Findings could have an impact on ad spending patterns
By Claire Atkinson
A group of the biggest names in TV research are set to
explode some commonly held myths about how consumers watch
TV. Their findings about what’s really going on in the
world of video consumption will be unveiled next week.
The survey is expected to reveal such things as which age
groups do the most media multi-tasking; whether younger
viewers are really shifting away from traditional TV and
how much commercial time viewers are exposed to.
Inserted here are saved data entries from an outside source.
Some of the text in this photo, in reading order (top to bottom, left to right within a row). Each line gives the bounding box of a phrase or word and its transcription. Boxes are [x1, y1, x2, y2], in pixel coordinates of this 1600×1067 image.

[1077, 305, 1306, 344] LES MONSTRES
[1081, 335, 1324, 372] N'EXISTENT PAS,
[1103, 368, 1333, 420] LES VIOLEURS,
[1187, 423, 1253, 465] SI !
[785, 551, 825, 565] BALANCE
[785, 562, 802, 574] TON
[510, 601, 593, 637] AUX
The Council for Research Excellence, a cross-industry think
tank of top executives from agencies and TV networks, has
spent the past year executing a $3.5 million project called
the “Video Consumer Mapping Study.” The initiative is described
as, “the largest and most significant observational study
of media activity ever undertaken.”
Shari Anne Brill, Senior-VP director of at Carat, who has
been intimately involved with the project said, “People
are in fact watching commercials and not running screaming
from the room and younger viewers haven’t abandoned television.”
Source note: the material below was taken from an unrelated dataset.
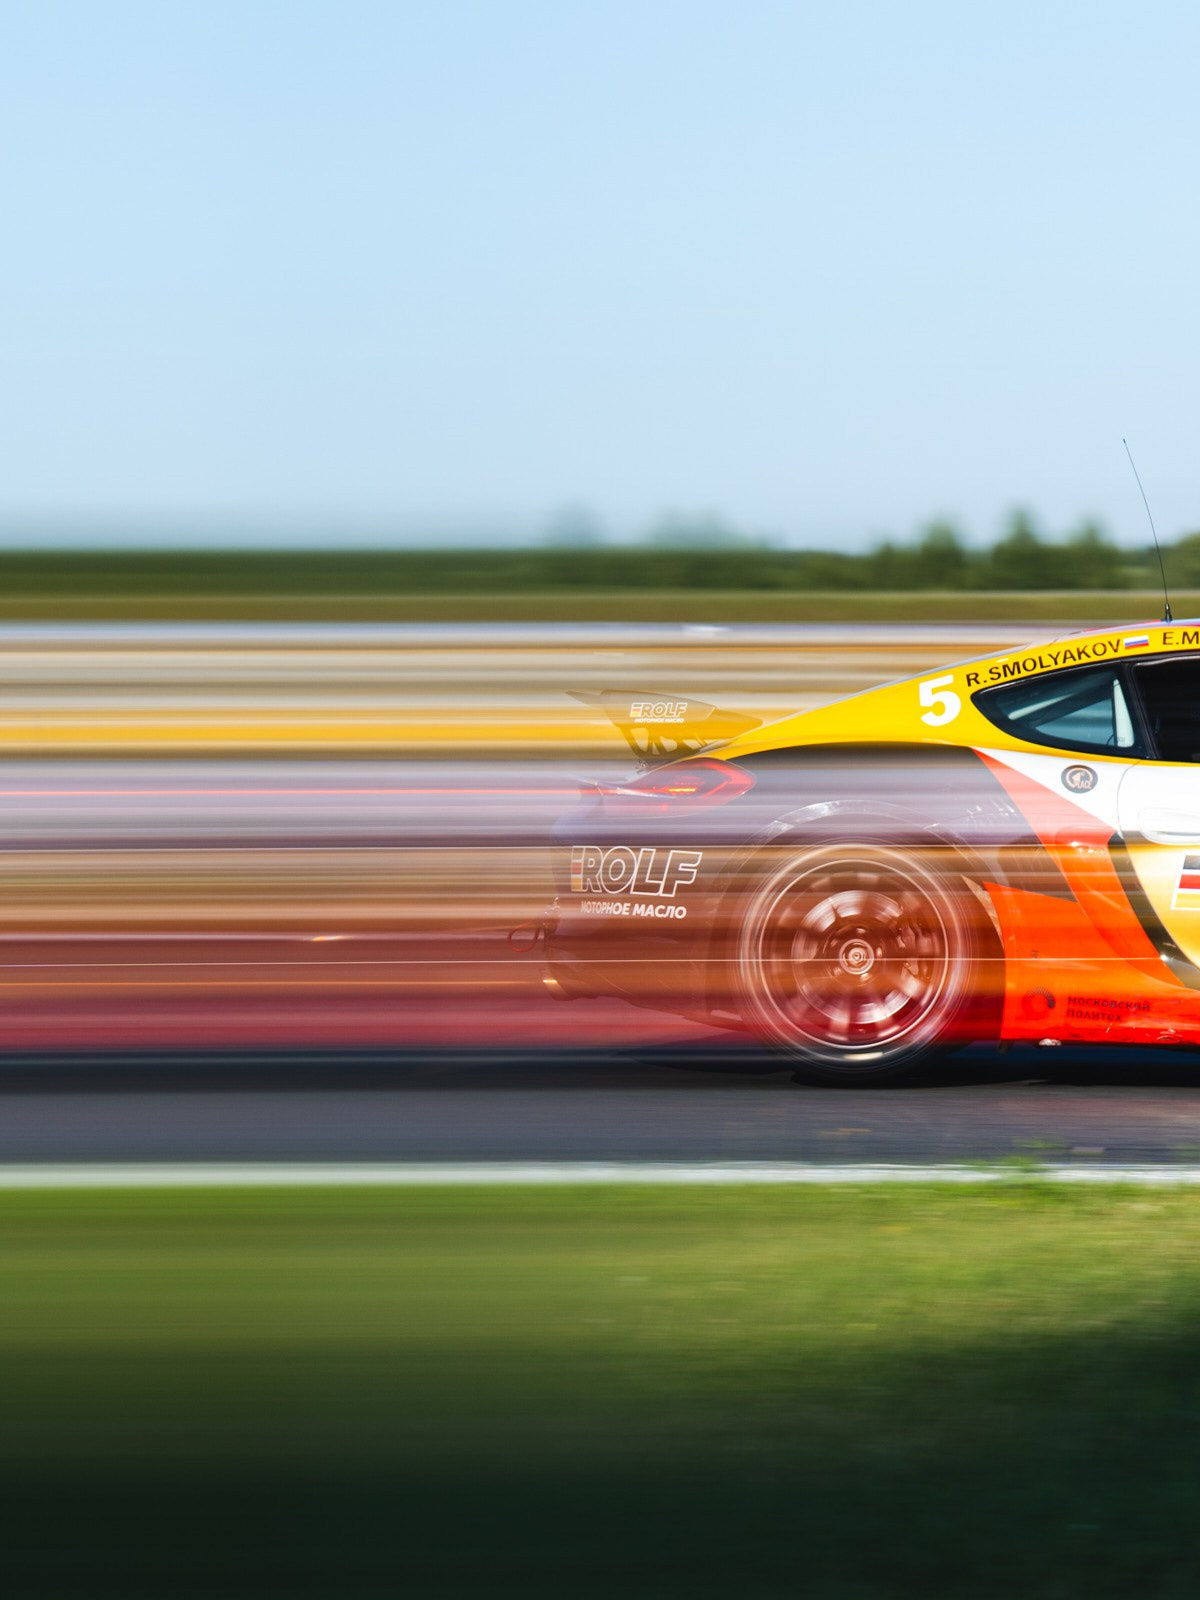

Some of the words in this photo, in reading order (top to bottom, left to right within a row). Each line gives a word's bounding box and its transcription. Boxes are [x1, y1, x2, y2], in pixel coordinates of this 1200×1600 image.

The major findings are being kept for a presentation on
Thursday, March 26.
The study was funded, in part, by Nielsen Media Research,
and was created to investigate commonly held, but perhaps
mistaken beliefs about TV viewings. The Council for Research
Excellence put together their wish-list of questions to
help better inform marketers about their fears on such
issues as DVR penetration.
Data was gathered via Webcams that tracked consumer behavior
in and out of the home. Participants were also tracked
by researchers through their daily lives. If consumers
were using media during private times such as bathroom
visits or when they were getting ready for bed, they were
asked to track that in a diary. The research council recruited
350 people from six TV markets and conducted two phases
of the survey in Spring and Fall 2008. It also offered
new media devices at a discount to people to try to measure
how interested people would be in certain products if their
prices came down.
Steve Sternberg, executive VP, director of audience analysis
at Magna, has also been heavily involved in the study.
He says the project didn’t examine specific content but
broke out online video versus mobile and DVR usage patterns
and what media people choose to focus on without trying
to multi-task.
“Multi-tasking is not a young person’s phenomenon,” said
Sternberg, “Traditional TV still accounts for the bulk
of viewing to all three screens.” The findings will turn
some traditional notions on their head. “The idea has been
that TV is a lean back medium and online is lean forward,
in reality which has fewer activities going on? We look
at attentiveness.”
The results could have some impact on this year’s upfront
and will no doubt create a topical environment ahead of
the Advertising Research Foundation’s annual convention
on March 30. That event has often been a forum for changing
the parameters of the upfront debate and back in 2006 saw
the first movement towards an embrace of the commercial
ratings currency.
While ad agencies and industry associations have looked
at consumer’s TV habits previously, this data is creating
a buzz on Madison Avenue because it comes from a single
source and is so comprehensive. The study was conducted
by Ball State University’s Center for Media Design and
Sequent Partners.
While the video consumer mapping study primarily looks
at video media, it also holds some interesting news for
other media such as print and outdoor.